Content starts

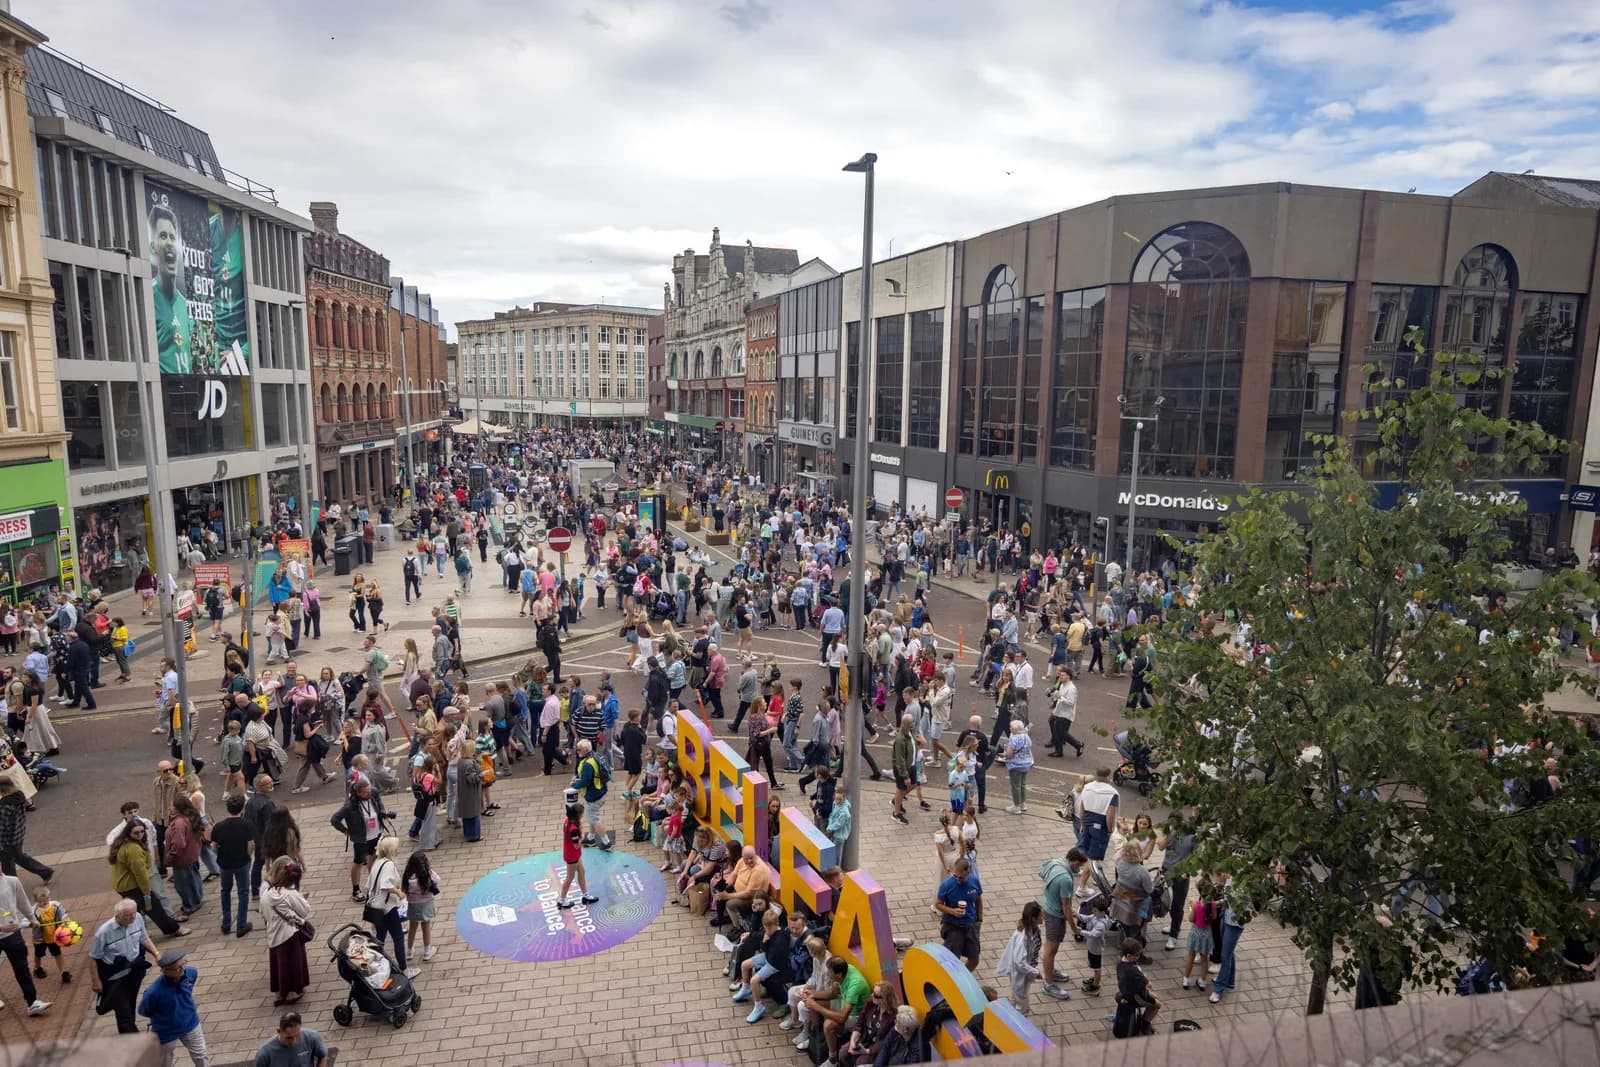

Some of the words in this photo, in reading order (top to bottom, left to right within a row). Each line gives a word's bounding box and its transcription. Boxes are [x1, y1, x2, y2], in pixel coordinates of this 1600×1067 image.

[183, 247, 205, 269] YOU
[194, 275, 216, 297] GOT
[186, 300, 213, 322] THIS
[198, 380, 227, 420] JD
[821, 432, 832, 445] G
[213, 460, 228, 480] JD
[1118, 491, 1229, 511] McDonald's
[533, 878, 552, 891] to
[677, 709, 1056, 1060] BELFAS
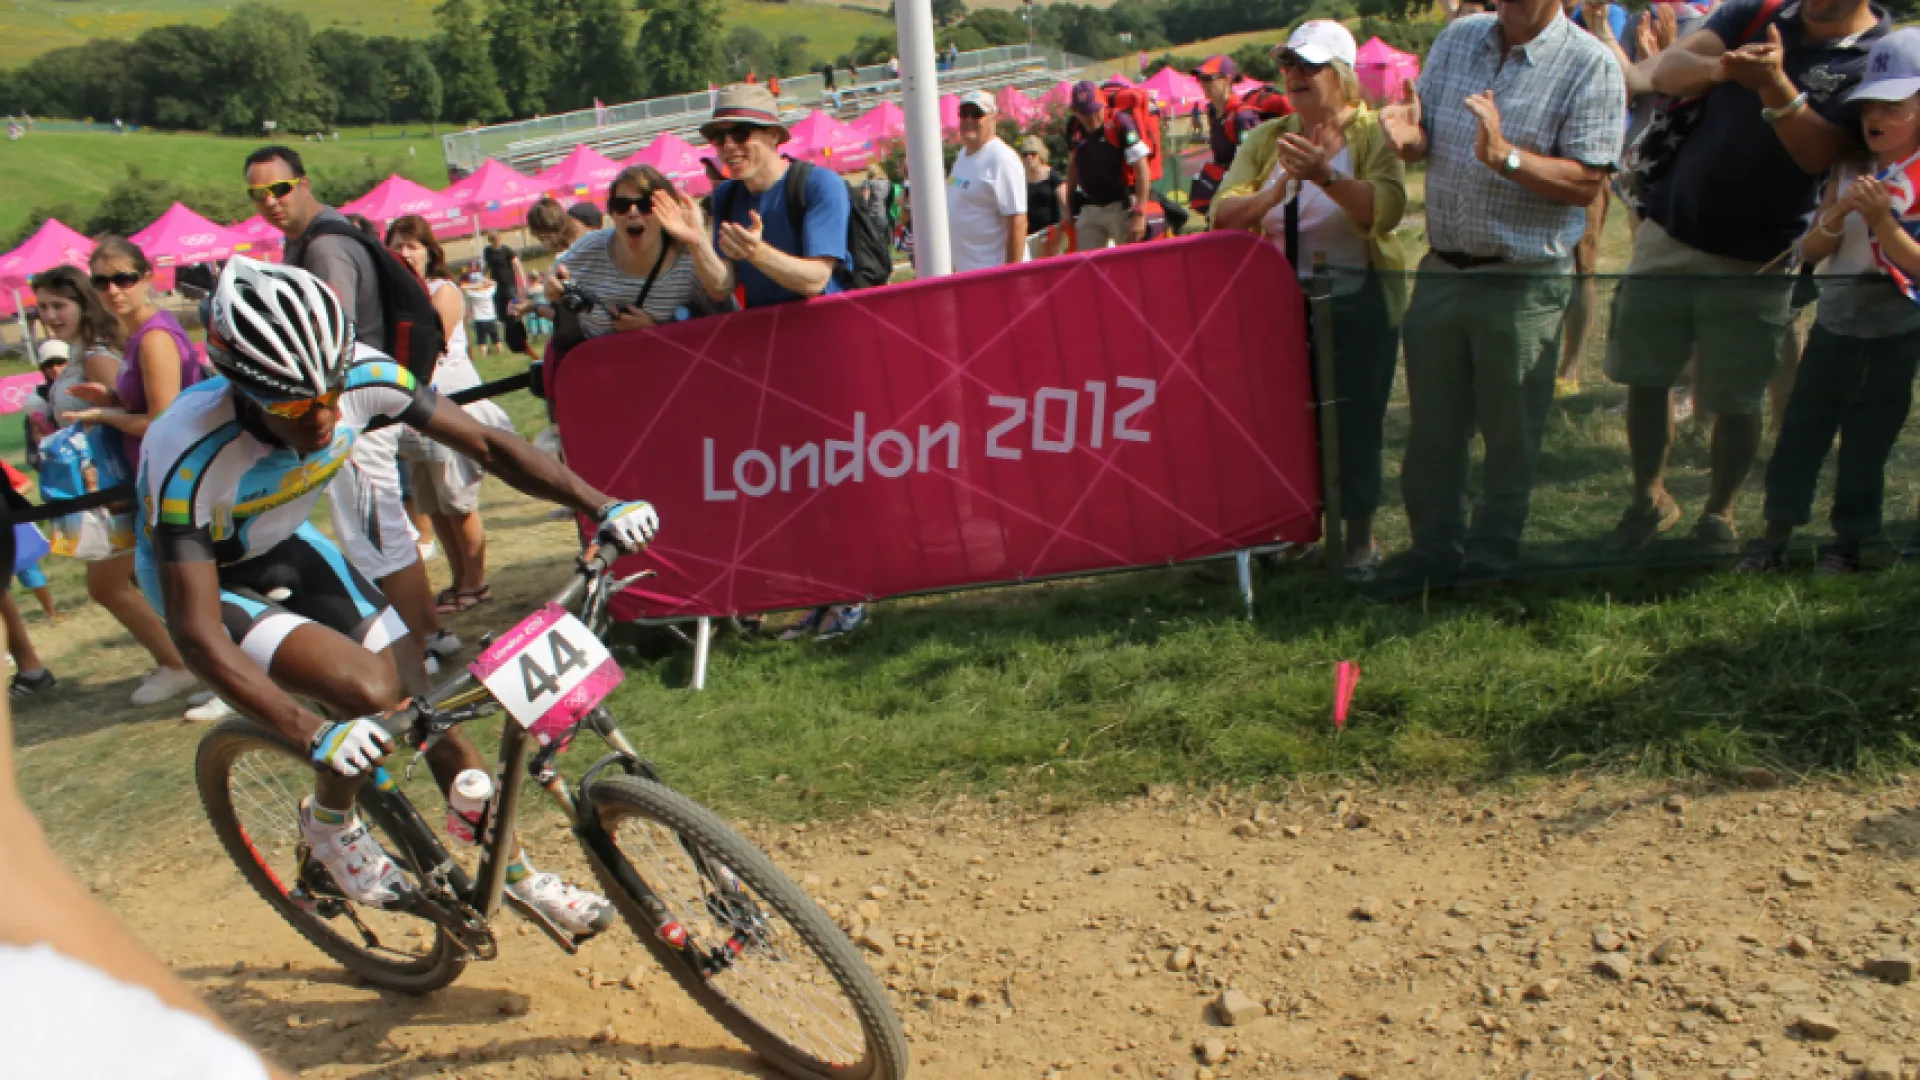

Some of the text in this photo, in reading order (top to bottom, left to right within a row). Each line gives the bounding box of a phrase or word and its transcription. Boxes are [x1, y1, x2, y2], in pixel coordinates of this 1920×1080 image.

Content ends

(To do)
The result should be an exact copy of every entry above, with no pictures included.

(Output below)
Some of the words in this photo, in reading order (top to bottom, left to right within a row). Each line gives a word's bounding box and its transcription. Boxes are [x1, y1, x2, y2], in pixel coordinates of this 1600×1067 image.

[183, 247, 205, 269] YOU
[194, 275, 216, 297] GOT
[186, 300, 213, 322] THIS
[198, 380, 227, 420] JD
[821, 432, 832, 445] G
[213, 460, 228, 480] JD
[1118, 491, 1229, 511] McDonald's
[533, 878, 552, 891] to
[677, 709, 1056, 1060] BELFAS

Some of the text in this photo, in reading order (top to bottom, left to right within a row). Each line gives the bounding box of a phrase or word and its transcription. Boxes are [x1, y1, x2, y2], in pixel coordinates of this 1920×1080 image.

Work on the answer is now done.